● **ACTIVITY**: Output the data below exactly as it is, dropping the pictures from your copy.

Free-text object descriptions
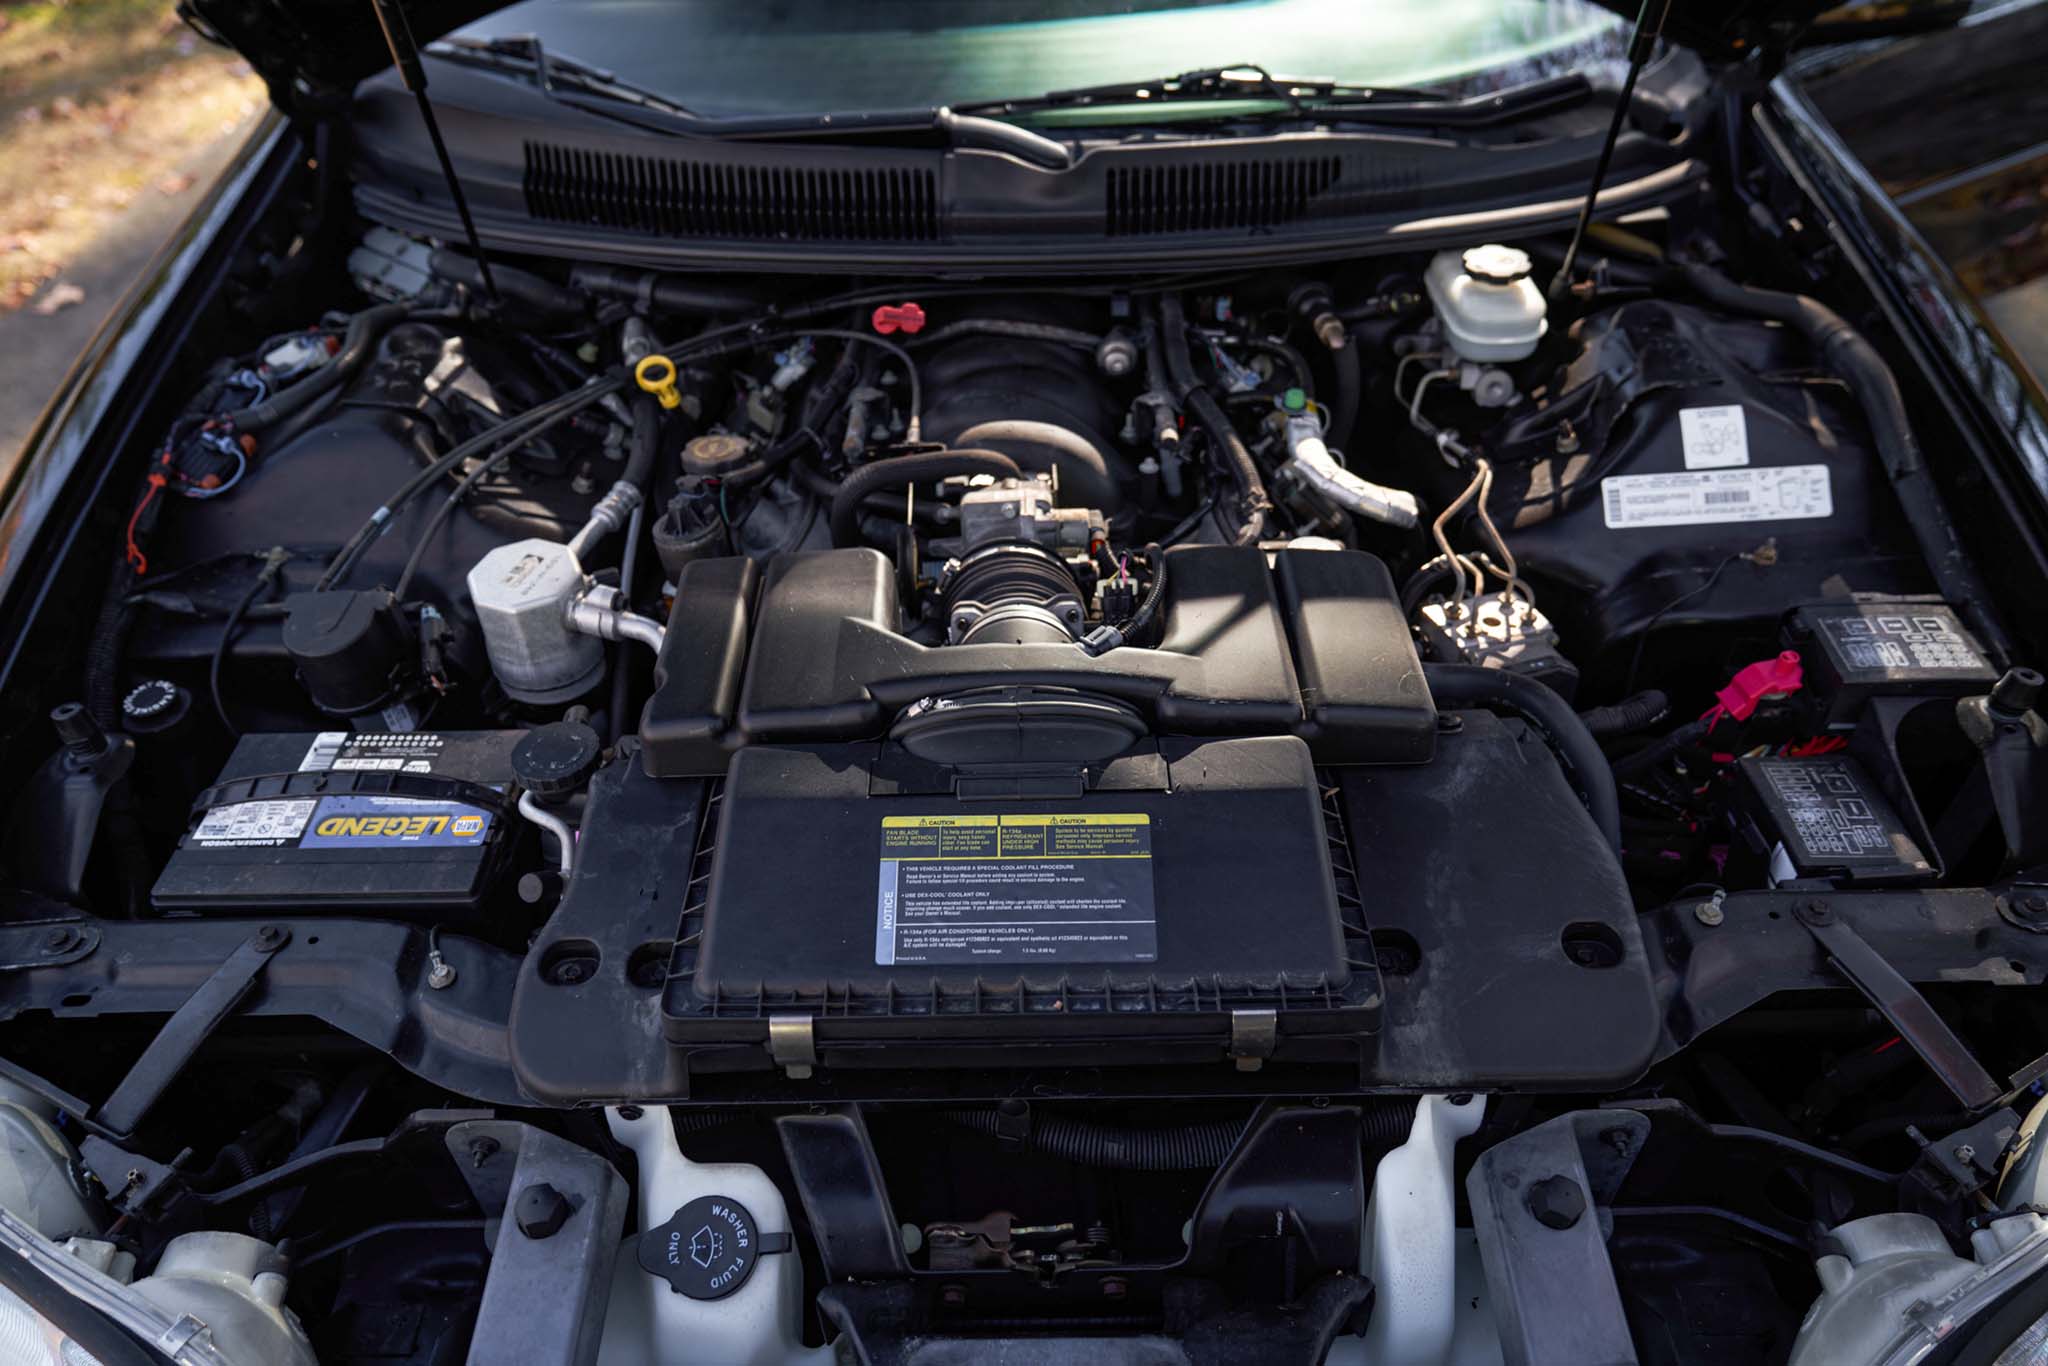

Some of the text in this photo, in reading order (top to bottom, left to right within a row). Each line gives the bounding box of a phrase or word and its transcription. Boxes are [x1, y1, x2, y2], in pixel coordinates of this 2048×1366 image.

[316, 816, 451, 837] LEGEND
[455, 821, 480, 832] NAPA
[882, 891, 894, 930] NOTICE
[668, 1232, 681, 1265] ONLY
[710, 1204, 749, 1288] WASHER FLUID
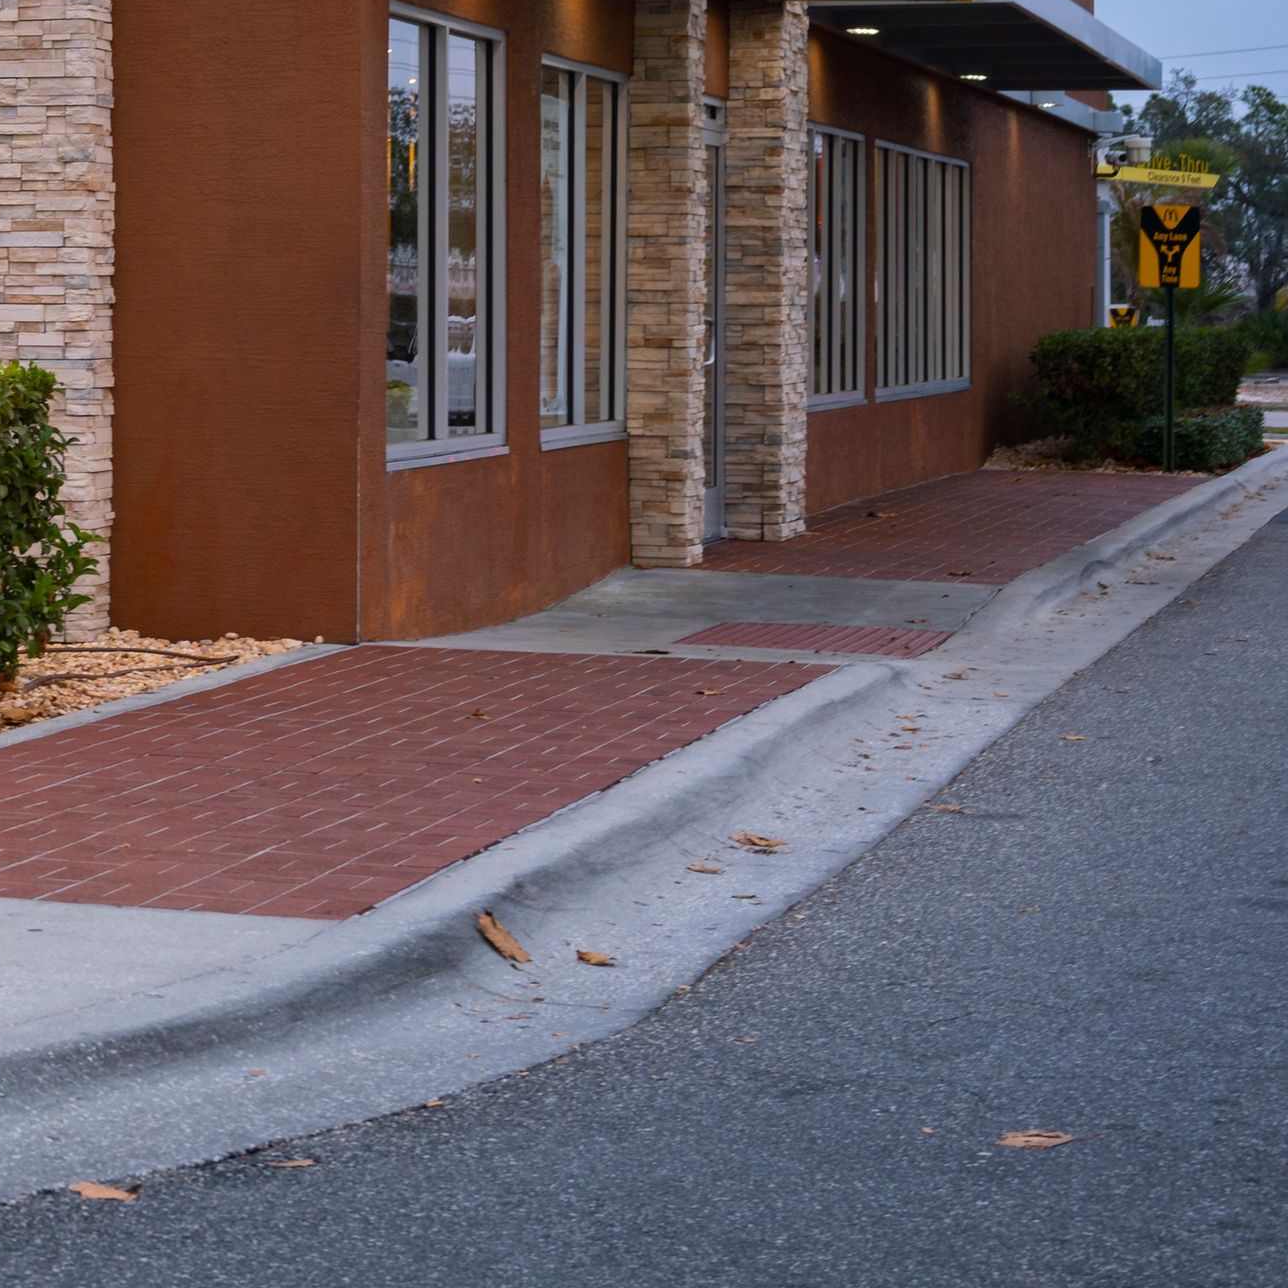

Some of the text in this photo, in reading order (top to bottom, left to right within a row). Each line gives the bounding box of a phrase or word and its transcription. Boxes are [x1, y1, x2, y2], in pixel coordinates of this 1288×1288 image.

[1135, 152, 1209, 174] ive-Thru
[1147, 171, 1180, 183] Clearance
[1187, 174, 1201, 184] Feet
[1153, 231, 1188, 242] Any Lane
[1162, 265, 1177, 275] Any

● **OUTPUT**:
Some of the text in this photo, in reading order (top to bottom, left to right within a row). Each line gives the bounding box of a phrase or word and its transcription. Boxes are [x1, y1, x2, y2], in pixel coordinates of this 2048×1366 image.

[316, 816, 451, 837] LEGEND
[455, 821, 480, 832] NAPA
[882, 891, 894, 930] NOTICE
[668, 1232, 681, 1265] ONLY
[710, 1204, 749, 1288] WASHER FLUID

Some of the text in this photo, in reading order (top to bottom, left to right within a row). Each line gives the bounding box of a phrase or word and its transcription. Boxes are [x1, y1, x2, y2], in pixel coordinates of this 1288×1288 image.

[1135, 152, 1209, 174] ive-Thru
[1147, 171, 1180, 183] Clearance
[1187, 174, 1201, 184] Feet
[1153, 231, 1188, 242] Any Lane
[1162, 265, 1177, 275] Any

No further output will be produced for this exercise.